When you get divorced, an interesting thing happens. People, mostly wives in my case, start to tell you things. They tell you about their marriages, how their husbands don’t do their fair share at home or with the kids, how they are exhausted from being the default parent, the flexible one, the one doing most of the emotional labor in both parenting and in the relationship.
But in the same breath, they tell you they could never leave, that even though they aren’t happy, they aren’t exactly unhappy, and besides, their husband isn’t abusive, right? This last part oftentimes spoken as a question rather than a statement, as if the absence of whatever they define as abuse is good enough.
So they double down on why they stay. For the kids, for the dual incomes, for the fleeting moments of joy, because they don’t want to break up the family. And almost always with the caveat that they don’t mean me, because of course I had good reasons to leave, yet the caveat lays bare their judgement or pity, whichever it was, however well-intentioned. The irony, of course, is that I didn’t have better reasons, I just didn’t want to live like that anymore, didn’t want my marriage or who I was in it to serve as a model for my son.
But beneath it all, there’s also the fear of being alone, of being stigmatized, of losing the safety and protections that a “traditional” marriage in America provides, where your relevancy is too often based on your proximity to and participation in a system that grants a certain type of status to married women, and to white women, in particular.
So staying is framed as a personal choice rather than the byproduct of a society that makes it hard for women to leave, meaning it’s not really a choice at all, at least not in the broader context. But it’s easier to accept unhappiness if you choose it than it is to feel stuck in a system that was designed to get and keep you stuck.

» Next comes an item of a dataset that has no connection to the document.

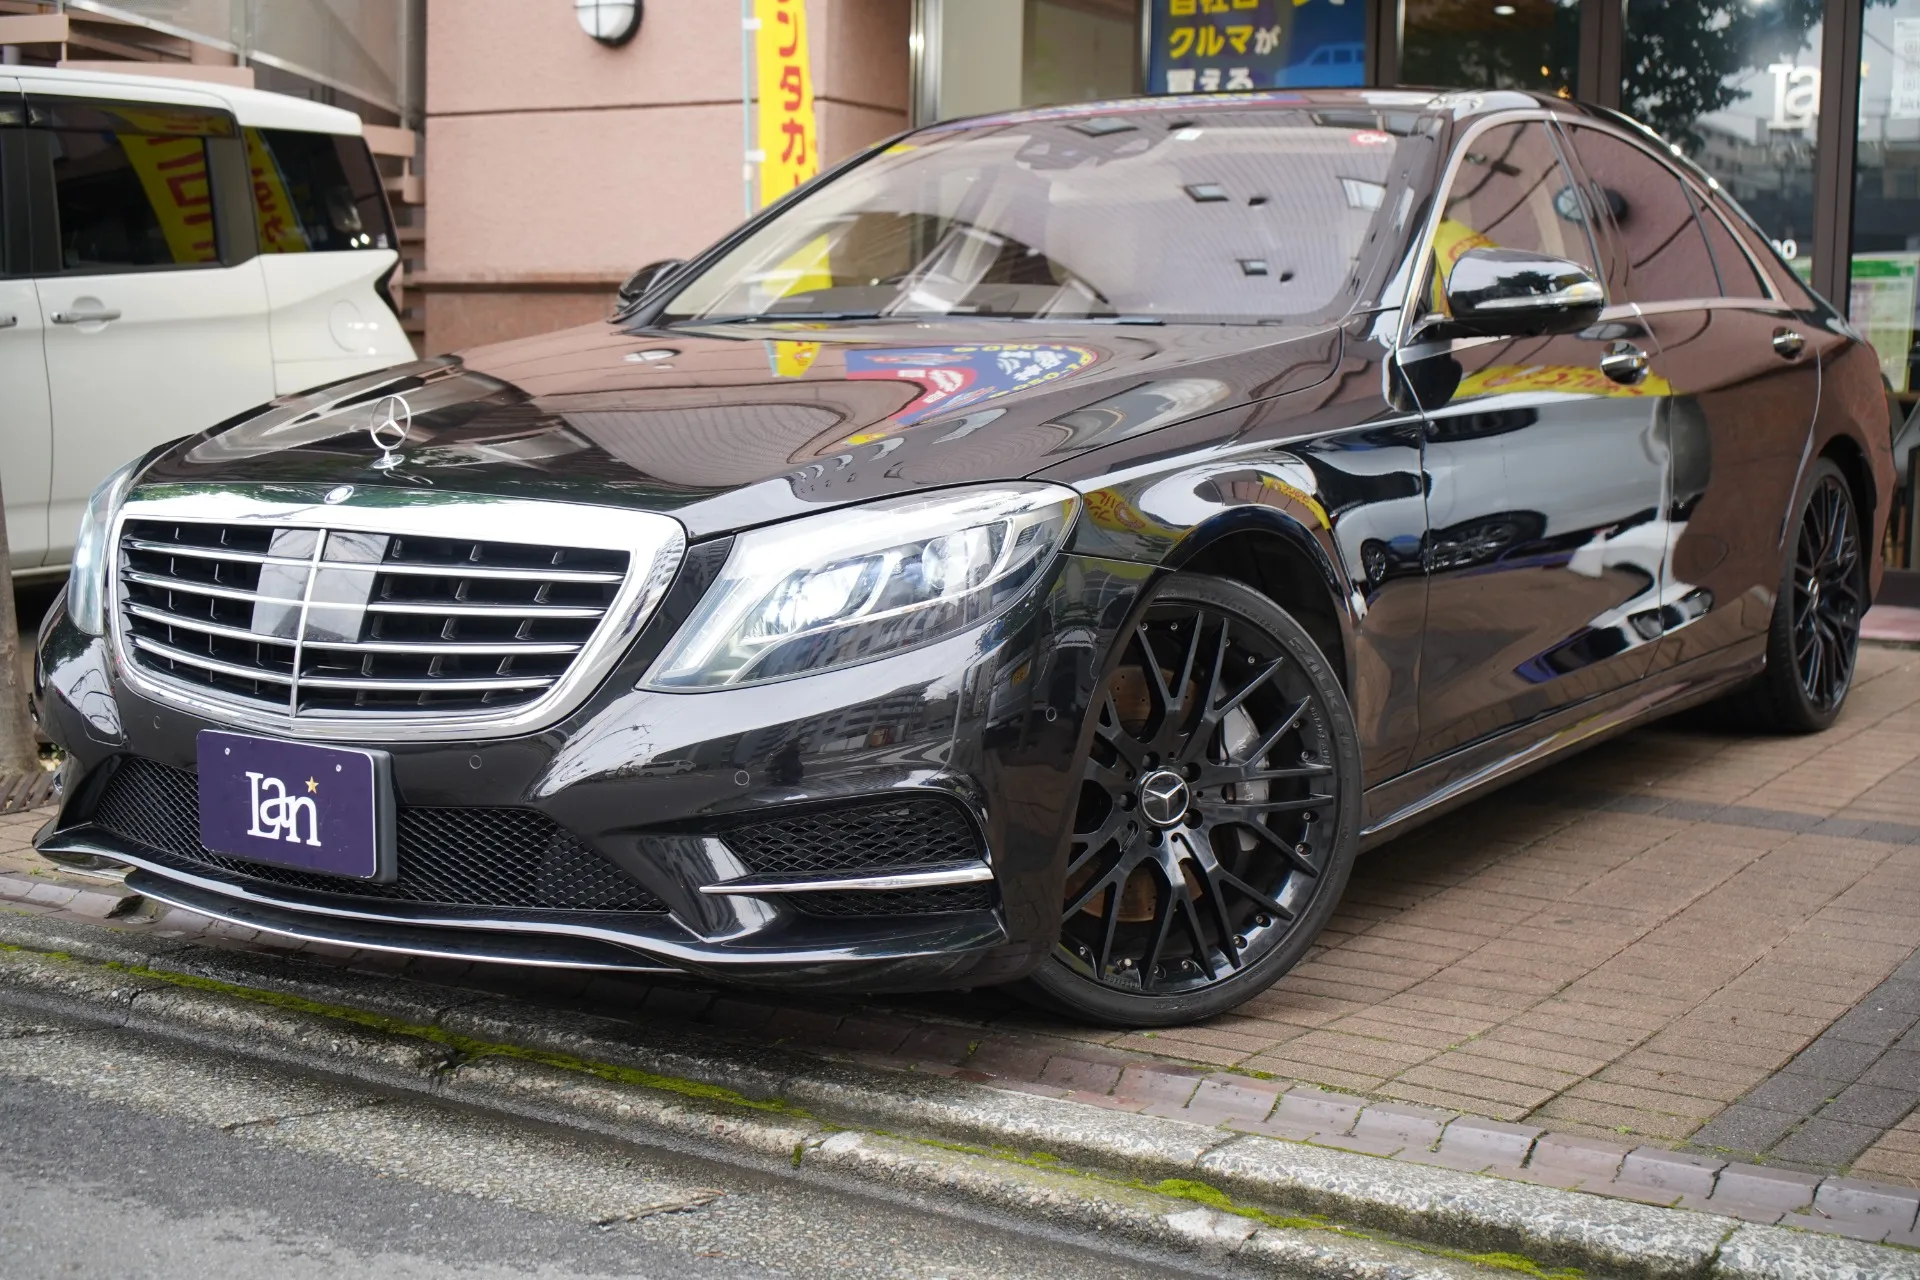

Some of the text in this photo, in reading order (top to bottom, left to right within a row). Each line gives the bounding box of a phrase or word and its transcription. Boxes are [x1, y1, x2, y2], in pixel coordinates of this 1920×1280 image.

[1168, 24, 1281, 59] クルマが
[245, 771, 322, 847] Lan
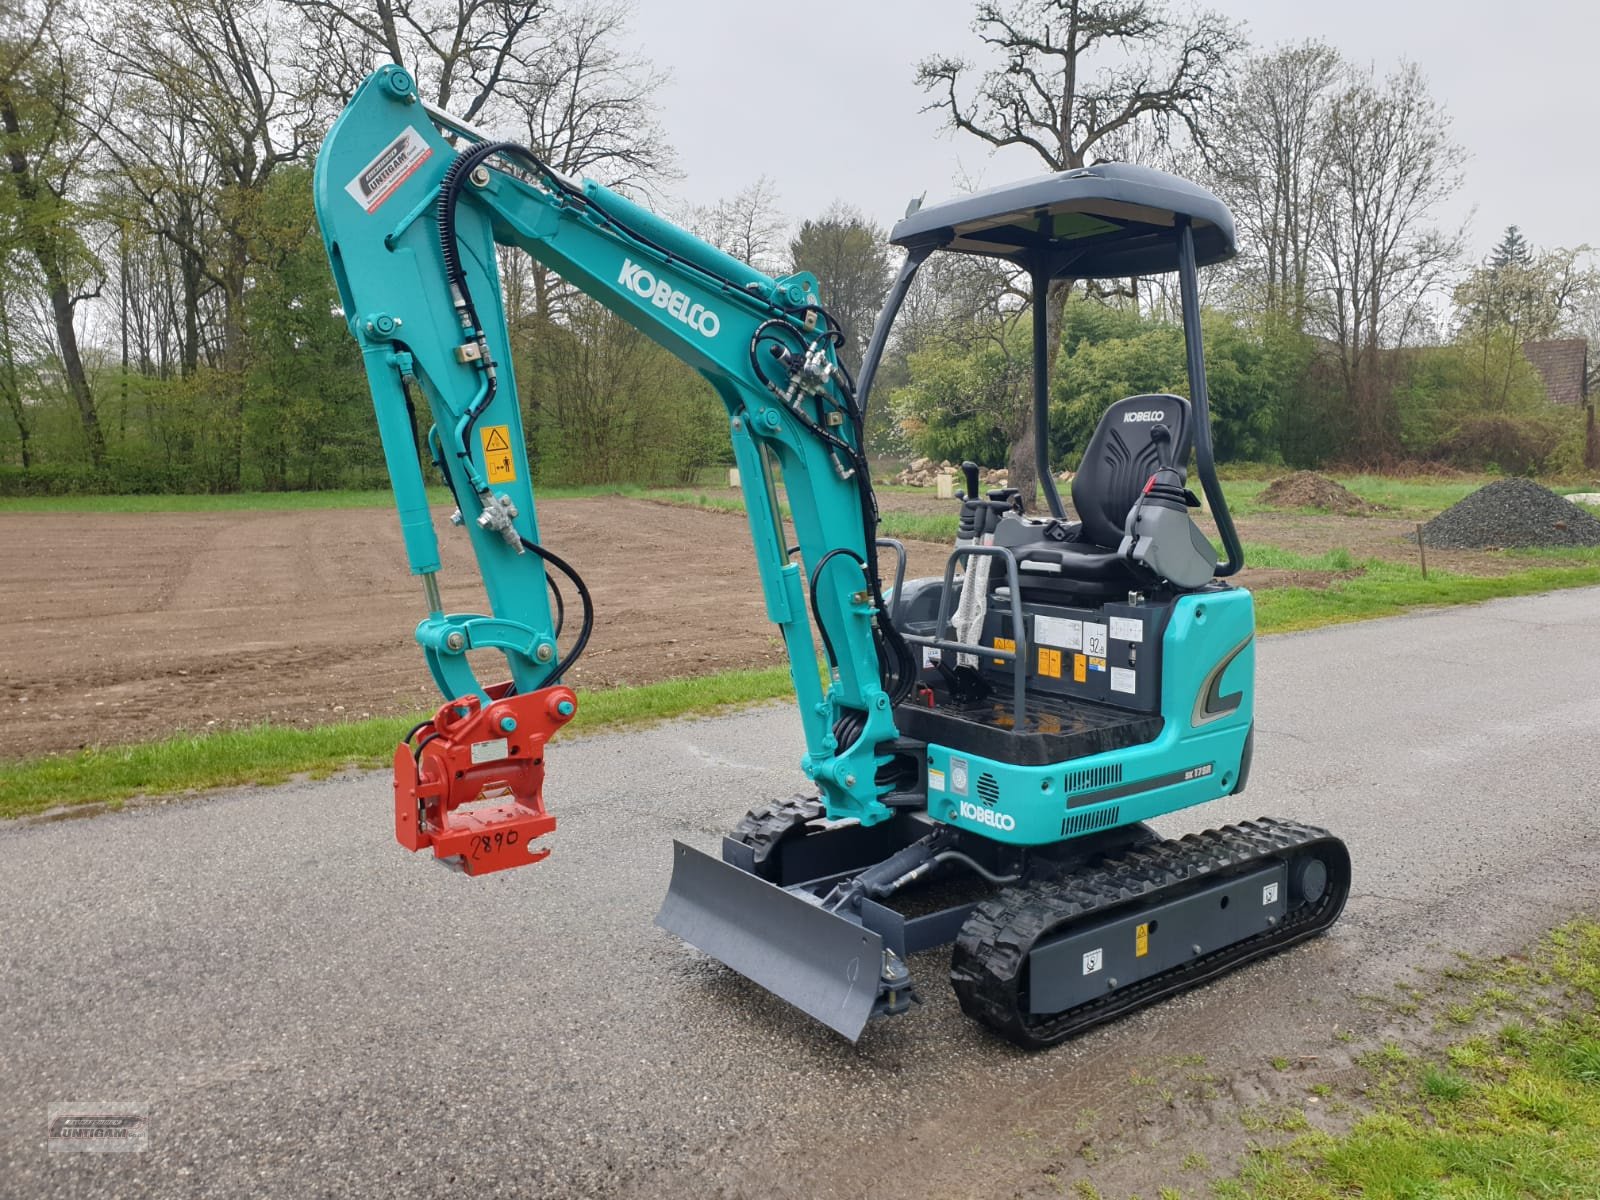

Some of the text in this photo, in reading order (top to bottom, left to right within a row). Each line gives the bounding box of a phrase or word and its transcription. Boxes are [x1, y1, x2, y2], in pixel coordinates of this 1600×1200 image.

This is, of course, a broad generalization of my experiences and observations, so there are outliers. I know women who feel quite supported in their marriages, who feel that the mental load is fair, that they got lucky. And I know women who do not feel that the division of labor is fair but that the relationship is still overall balanced, or who are quite content conforming to traditional gender roles.
I don’t know how to explain the differences in these conversations other than to say that the former feels different, the tone a little more tentative, the pace a little more punctuated, the need to backtrack any dissatisfaction immediate.
It is this default to defensiveness that I find so interesting because I remember being there. I can vividly recall moments where I oversold how well things were going in an effort to deflect and convince myself that it was true, where I pretended all was okay, willing my life to look and feel like the highlight reel on Instagram. (Side note, I’m actually convinced that the more happy couple photos you see in a feed, the more unhappy the poster is in real life.)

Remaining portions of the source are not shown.